Je consulte une thèse historique sur la "Grande Guerre". Elle démontre l'aliénation mentale des jeunes officiers les plus courageux, une folie comparable à celle du soldat norvégien André Breivik, c'est-à-dire qu'elle peut aussi bien être présentée comme la justice sociale la plus stricte. Cette folie fut aussi celle du jeune Louis-Ferdinand Céline, et je suis persuadé que son "Voyage au bout de la nuit" résulte d'abord de la nécessité de reconquérir ses facultés intellectuelles, en même temps qu'il est une vengeance contre la société qui l'en avait privé. L'ignominie de Ferdinand est de s'être laissé conduire à la guerre comme une bête. Le "Voyage" apparaît à certains lecteurs comme un roman d'une noirceur extrême, mais il est plus certainement pour son auteur une confession déculpabilisante et une bouffée d'air, un roman rose. La reconquête de l'amour de soi véritable, l'individualisme, se fait forcément contre la société. Il n'y a pratiquement qu'un homme issu du peuple à pouvoir comprendre l'humanisme de Céline, sans se préoccuper de ses fautes d'orthographe.

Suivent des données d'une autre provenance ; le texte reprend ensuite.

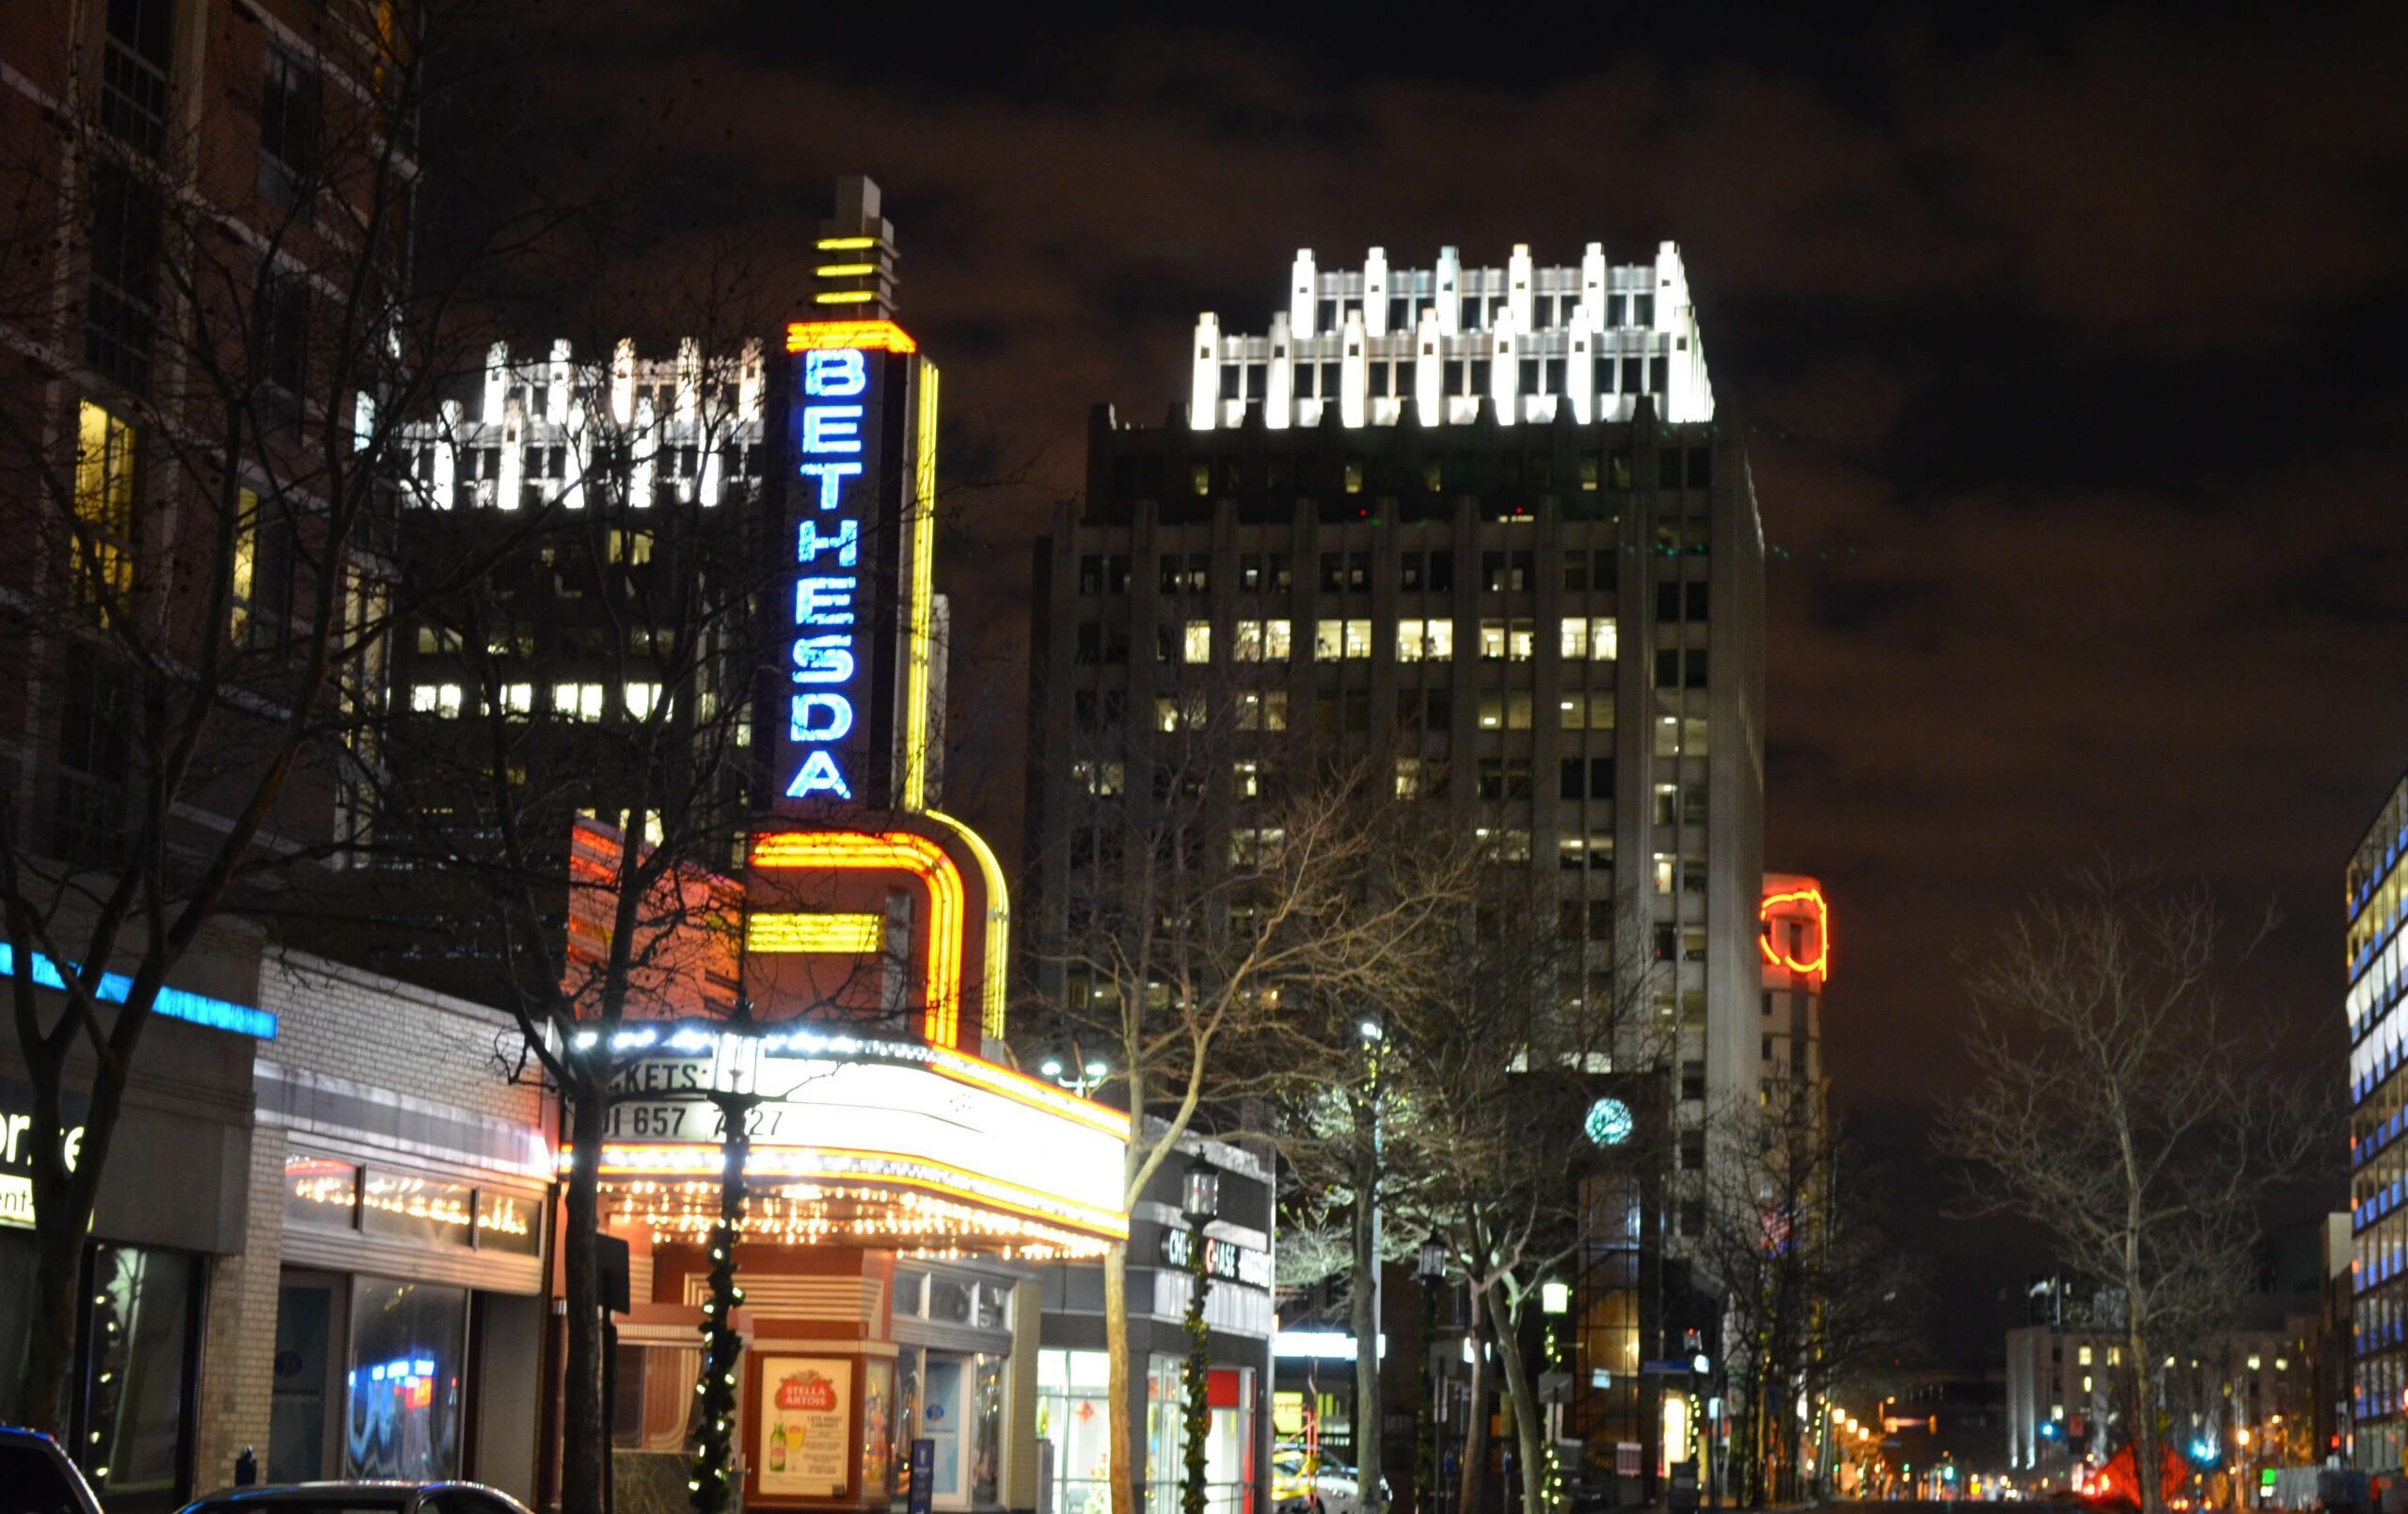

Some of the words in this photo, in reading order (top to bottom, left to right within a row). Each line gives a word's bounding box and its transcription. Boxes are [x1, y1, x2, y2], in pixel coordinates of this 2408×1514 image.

Chaque impression de bonheur ressentie sur cette terre s'accompagne du sentiment d'un recul de la folie. Pour un homme, le coït, bref épisode où il peut mettre à distance l'âme, est à lui seul un éloge du présent et de la raison, qui n'a malheureusement que la capacité furtive d'abolir le temps et la folie. La plupart des femmes sont nostalgiques du passé ou de l'origine, tandis que les hommes vivent toujours en quelque sorte dans la nostalgie du temps présent, ce qui explique que la rencontre spirituelle d'un homme et d'une femme est aussi difficile, et coïncide le moins avec la jouissance physique la plus naturelle.
Il est arrivé qu'on m'interroge sur la différence entre Nitche et Céline : elle revient quasiment à la différence physique entre une femme (Nitche) et un homme (Céline). D'ailleurs, tandis que Céline rend hommage au christianisme pour le tableau noir de la société qu'il peint (noir et blanc, pour être exact), c'est-à-dire pour lui ôter son masque, Nitche au contraire accuse le christianisme d'être imperméable à la musique. C'est bien sûr Céline le plus voltairien. Je ne connais aucun Français qui apprécie Nitche, à cause de son masochisme invétéré d'aristocrate polonaise, qui transpire comme s'il n'avait jamais ôté son casque à pointe et ses bottes pour écrire. Je n'ai pas trouvé dans le "Gai Savoir" une seule trace d'humour : on dirait du cinéma français, c'est-à-dire la vain effort pour faire se rejoindre la fiction et l'intelligence.
L'explication du succès de Nitche aujourd'hui, malgré toute sa médiocrité, ne tient pas à son antichristianisme ("L'Antéchrist" est son ouvrage le moins mauvais, qui exprime une culture de vie démoniaque assez cohérente et claire) ; elle résulte encore moins de son anticapitalisme, mais elle est due à son masochisme. Privez le capitalisme du masochisme, et il est perdu ; on pourrait même dire, sachant de quoi est faite l'avance de l'Occident sur la Chine : empêchez le suicide ou l'automutilation des jeunes Occidentaux, et l'économie occidentale qui tire son ultime puissance de la publicité et de la frustration est foutue.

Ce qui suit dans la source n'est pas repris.